The Amended and Restated Bylaws (the “Bylaws”) of Hycroft Mining Holding Corporation (the “Company”) are hereby amended as follows:

 

Section 2.4 of the Bylaws is hereby amended and restated in its entirety to provide as follows:

 

Section 2.4. Quorum. Except as otherwise provided by applicable law, the Corporation’s Second Amended and Restated Certificate of Incorporation, as the same may be amended or restated from time to time (the “Certificate of Incorporation”) or these By-Laws, the presence, in person or by proxy, at a stockholders meeting of the holders of shares of outstanding capital stock of the Corporation representing one-third (1/3) of the of the voting power of all outstanding shares of capital stock of the Corporation entitled to vote at the meeting shall constitute a quorum for the transaction of business at such meeting, except that when specified business is to be voted on by a class or series of stock voting as a class, the holders of shares representing one-third (1/3) of the voting power of the outstanding shares of such class or series shall constitute a quorum of such class or series for the transaction of such business. If a quorum shall not be present or represented by proxy at any meeting of the stockholders of the Corporation, the chairperson of the meeting may adjourn the meeting from time to time in the manner provided in Section 2.6 until a quorum shall attend. The stockholders present at a duly convened meeting may continue to transact business until adjournment, notwithstanding the withdrawal of enough stockholders to leave less than a quorum.
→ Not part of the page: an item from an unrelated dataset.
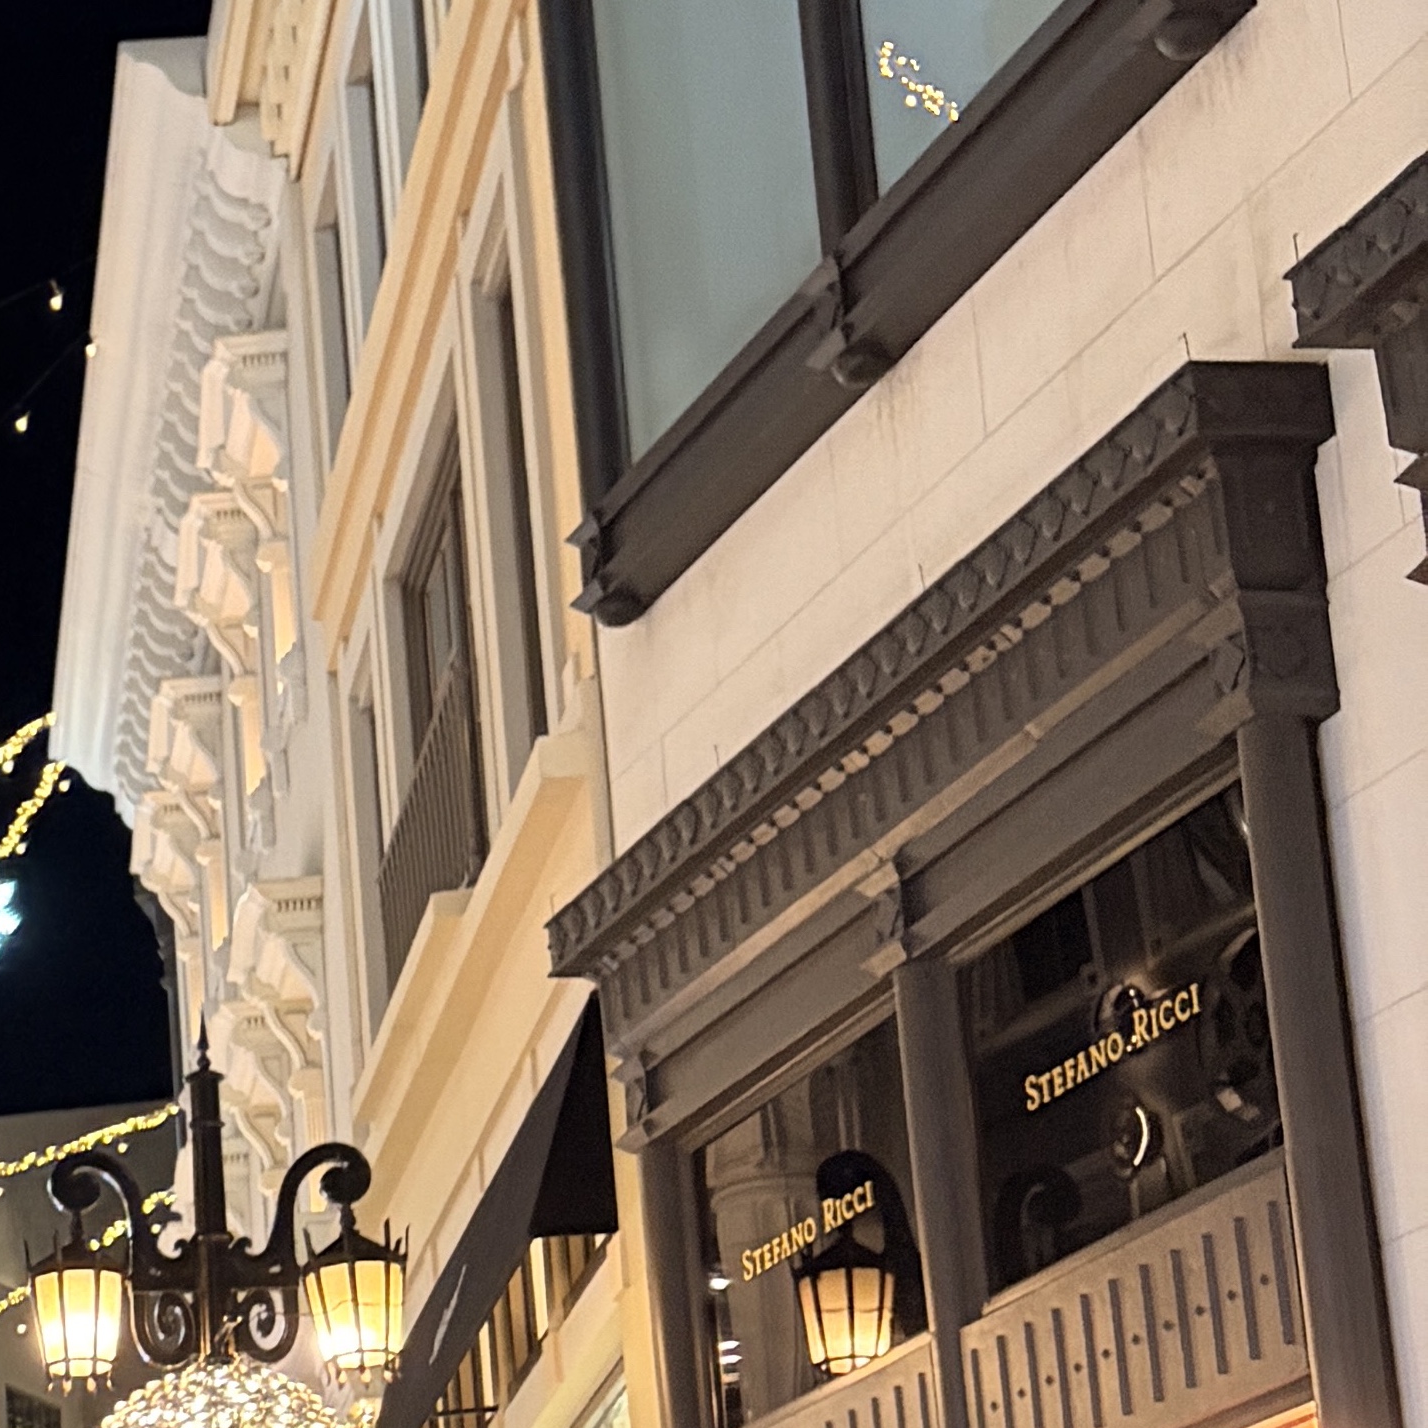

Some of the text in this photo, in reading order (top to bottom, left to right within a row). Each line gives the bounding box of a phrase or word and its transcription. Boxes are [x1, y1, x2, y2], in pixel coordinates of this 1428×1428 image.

[1024, 982, 1201, 1112] STEFANO RICCI
[741, 1181, 875, 1281] STEFANO RICCI
Shares of its own stock belonging to the Corporation or to another corporation, if one-third (1/3) of the voting power of the shares entitled to vote in the election of directors of such other corporation is held, directly or indirectly, by the Corporation, shall neither be entitled to vote nor be counted for quorum purposes; provided, however, that the foregoing shall not limit the right of the Corporation or any such other corporation to vote shares held by it in a fiduciary capacity.

 

Except as herein amended, the provisions of the Bylaws shall remain in full force and effect.

 

The undersigned, Chief Executive Officer of the Company, hereby certifies that the foregoing First Amendment to the Amended and Restated Bylaws was approved by the Board of Directors of the Company on January February 3, 2026.